Oct. 22, 2003
ATLANTA—Stern words, barbed accusations and some ominous predictions about the restaurant industry's responsibility for America's obesity problem were served up during an hour of titillating debate on Sept. 23 at the 44th annual Multi-Unit Food Service Operators show.
More than 1,000 attendees witnessed a sometimes-terse war of words between foodservice industry advocates Steven Anderson (president of the National Restaurant Association) and Rick Berman (president of the Center for Consumer Freedom), and their opponents John Banzhaf (professor of public interest law at George Washington University Law School in Washington, D.C.) and Ben Kelly (executive director of the Public Health Advocacy Institute [PHAI]).
Suffice it to say, there wasn't a lot of love on the stage.
Banzhaf, best known as the lawyer who took on "Big Tobacco," and Kelly regarded for his efforts in the 1960s and '70s to increase automobile safety, said repeatedly during the debate the U.S. restaurant industry must accept some share of the blame for the country's growing obesity problem. And while Kelly appeared to invite cooperation with the industry to reverse what he called an obesity epidemic, Banzhaf was decidedly more bellicose.
"I think it's very clear that we will be successful in suing fast-food restaurants to pay their fair share (of the responsibility) for obesity," said Banzhaf.
"I think most of you are reasonably sure that we're going to find a judge who will let these suits go forward. And somewhere we'll find a jury that's going to rule in our favor."
John Banzhaf, Professor of public interest law at George Washington University Law School
Both Anderson and Berman countered regularly, claiming consumers who make poor dietary and lifestyle choices are to blame for obesity and related illnesses, not the restaurant industry. Anderson accused Banzhaf and Kelly of looking for scapegoats to sue rather than looking for solutions to the problem.
"This is all about calories in and calories out," said Anderson, adding that Americans' increasingly sedentary lifestyles have contributed significantly to the country's weight-gain problem. Research done over the last 20 years, he said, has shown that Americans' physical activity has dropped 15 percent, while their calorie consumption has risen just 1 percent. "It's important to remember that 76 percent of all meals are eaten at home, not eaten in restaurants."

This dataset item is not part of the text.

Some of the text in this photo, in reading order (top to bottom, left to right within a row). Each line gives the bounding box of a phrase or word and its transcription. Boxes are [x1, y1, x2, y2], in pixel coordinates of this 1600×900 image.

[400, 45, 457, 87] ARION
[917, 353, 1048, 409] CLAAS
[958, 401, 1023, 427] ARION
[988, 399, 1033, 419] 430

Steven Anderson, President, National Restaurant Association
When debate moderator Tim Ryan, president of Hyde Park, N.Y.-based Culinary Institute of America, asked the four men if any common ground existed between the two camps, the answer largely was no.
Playing the centrist throughout the debate, Kelly turned and asked the audience of foodservice company leaders if there was "a place for all of us to come together where a difference can be made in this health problem?"
Not if restaurant companies are sued over the issue, Anderson said.
Banzhaf assured the group that outcome was inevitable.
"I think both sides know that these suits are going to continue coming and eventually going to be won," he said. "In media article after media article, even our greatest detractors in the industry are saying, 'Yes, they will be winning these suits.' The question is how many, and how fast are you all going to respond to limit your liability?"
Can't we all just get along?
Berman said Kelly's attempt to position himself in the middle was deceptive in light of a PHAI-hosted event in June that was held specifically to encourage and support obesity-related litigation against the restaurant industry.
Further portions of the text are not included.